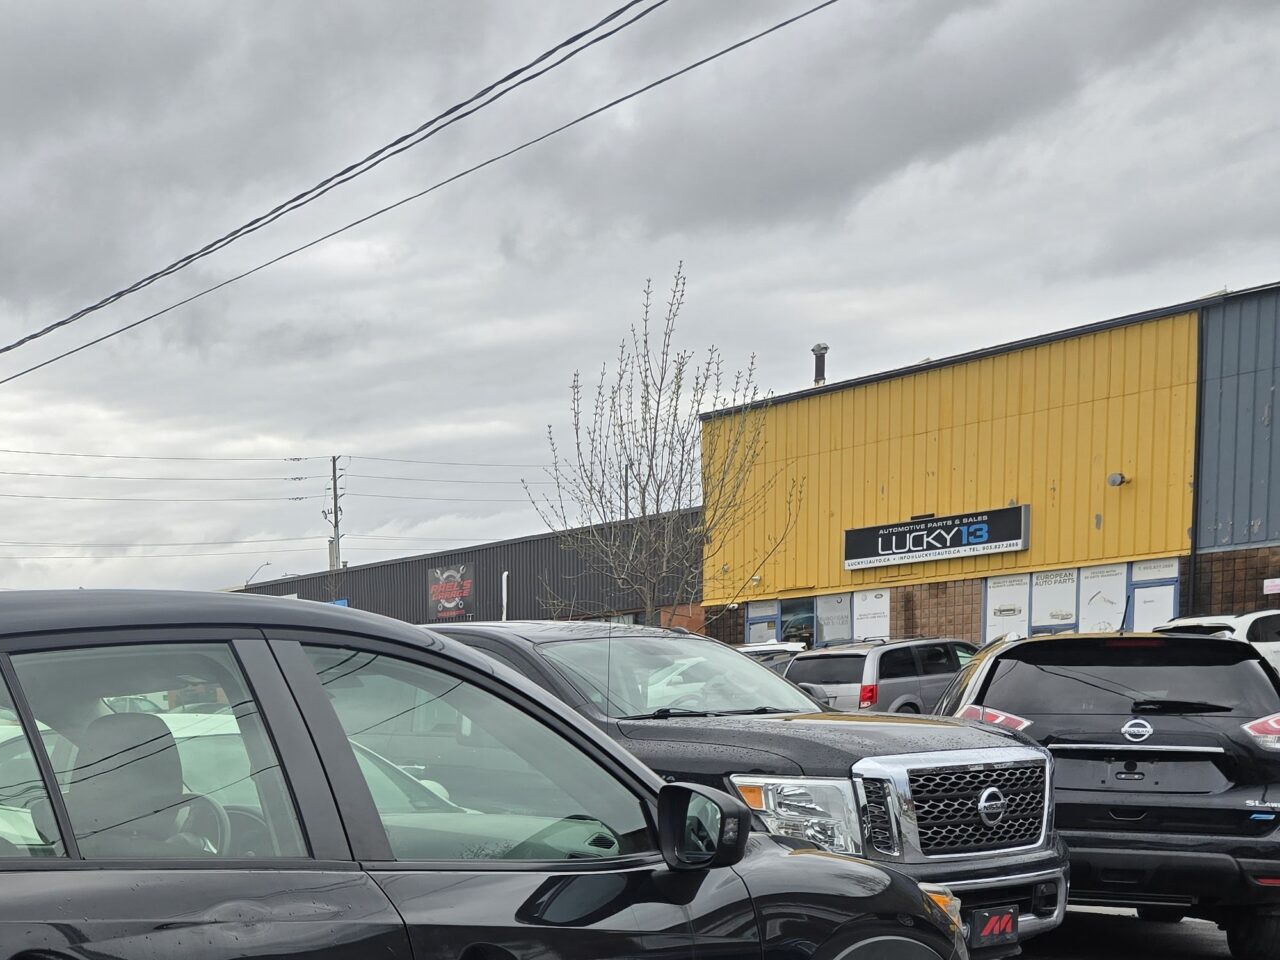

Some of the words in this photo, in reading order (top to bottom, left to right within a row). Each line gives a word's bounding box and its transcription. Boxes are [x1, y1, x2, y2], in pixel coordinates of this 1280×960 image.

[879, 523, 926, 534] AUTOMOTIVE
[927, 519, 953, 528] PARTS
[962, 515, 988, 523] SALES
[1035, 572, 1074, 581] EUROPEAN
[1034, 579, 1053, 587] AUTO
[1053, 577, 1075, 585] PARTS

*Exercise objective:*
Pictures aren't part of the copy; return each record above exactly.

*Exercise solution:*
Some of the words in this photo, in reading order (top to bottom, left to right within a row). Each line gives a word's bounding box and its transcription. Boxes are [x1, y1, x2, y2], in pixel coordinates of this 1280×960 image.

[879, 523, 926, 534] AUTOMOTIVE
[927, 519, 953, 528] PARTS
[962, 515, 988, 523] SALES
[1035, 572, 1074, 581] EUROPEAN
[1034, 579, 1053, 587] AUTO
[1053, 577, 1075, 585] PARTS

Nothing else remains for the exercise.